#### [Problem statement]
Reproduce all of the data exactly. Images are not to appear in the reply.

Stored data entries:
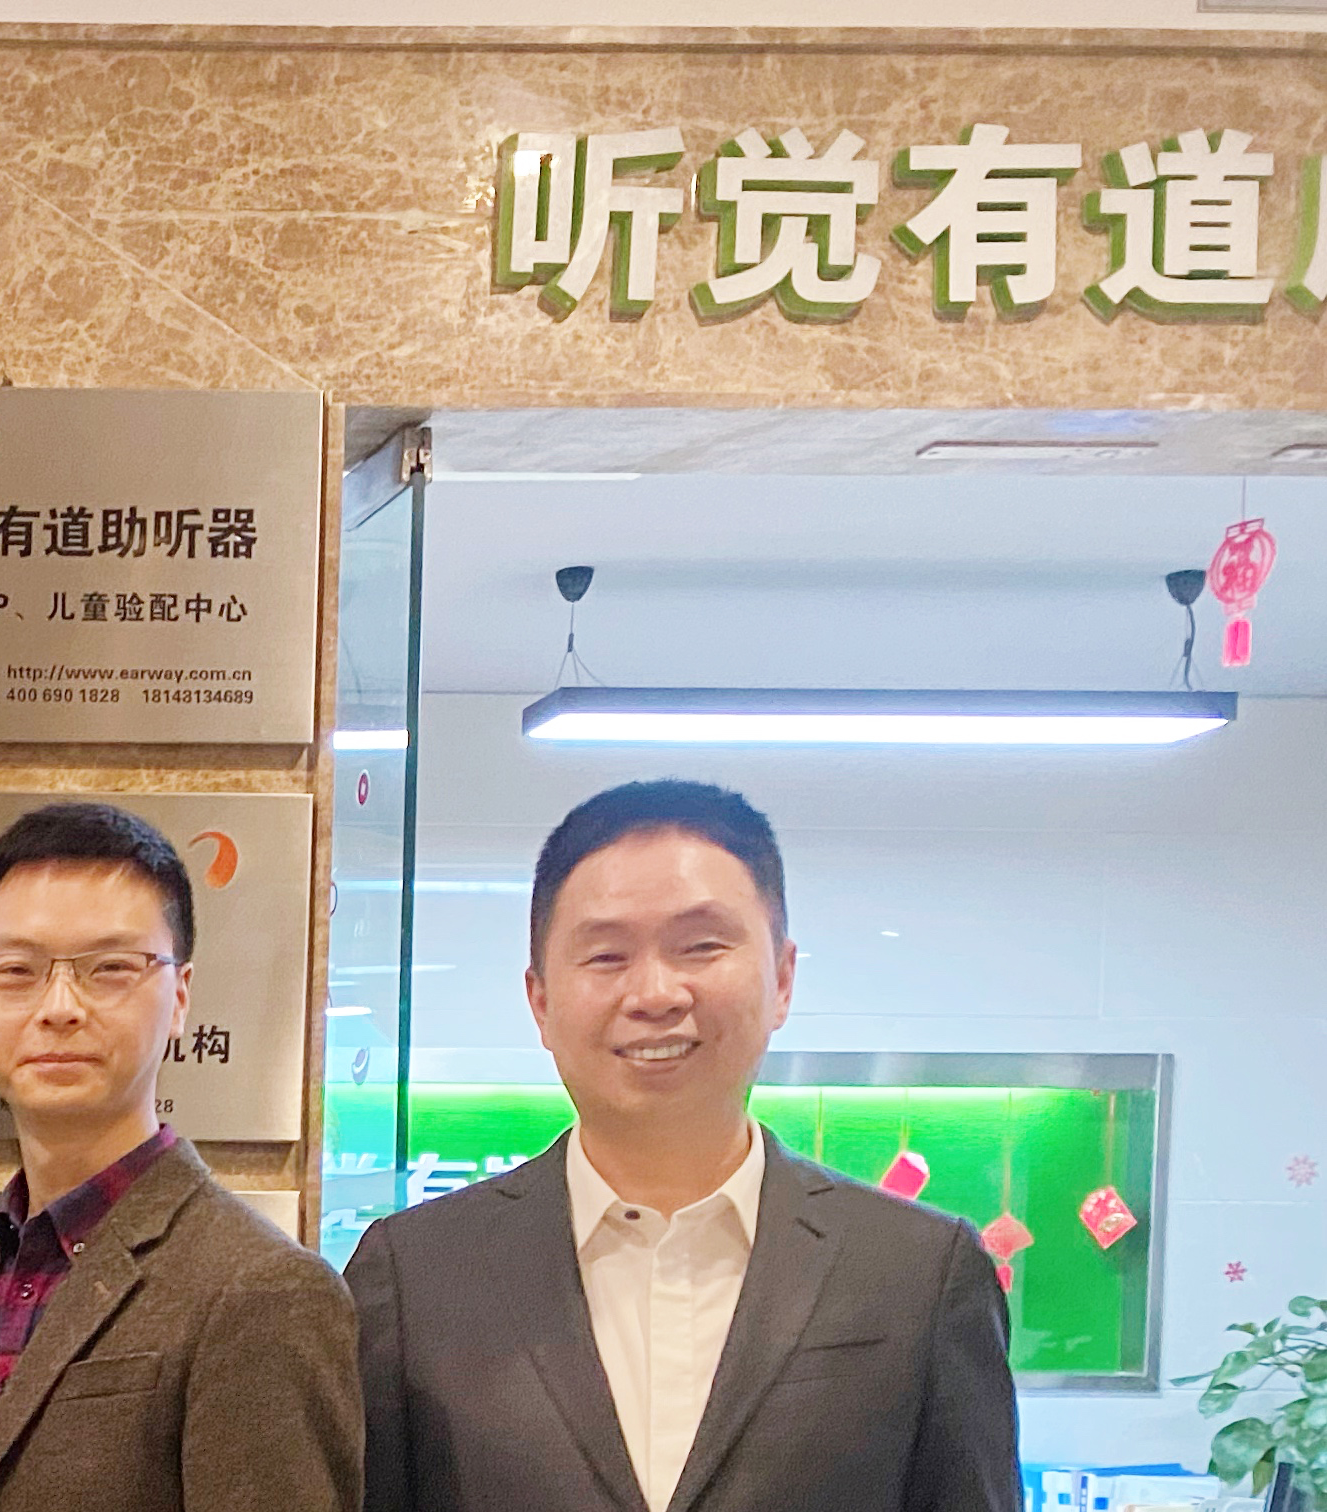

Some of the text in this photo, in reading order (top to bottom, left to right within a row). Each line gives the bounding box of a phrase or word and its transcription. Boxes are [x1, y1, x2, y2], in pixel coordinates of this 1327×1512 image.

[494, 123, 1327, 322] 听觉有道
[6, 687, 37, 702] 400
[43, 687, 73, 702] 690
[79, 688, 120, 703] 1828

#### [Task answer]
Some of the text in this photo, in reading order (top to bottom, left to right within a row). Each line gives the bounding box of a phrase or word and its transcription. Boxes are [x1, y1, x2, y2], in pixel coordinates of this 1327×1512 image.

[494, 123, 1327, 322] 听觉有道
[6, 687, 37, 702] 400
[43, 687, 73, 702] 690
[79, 688, 120, 703] 1828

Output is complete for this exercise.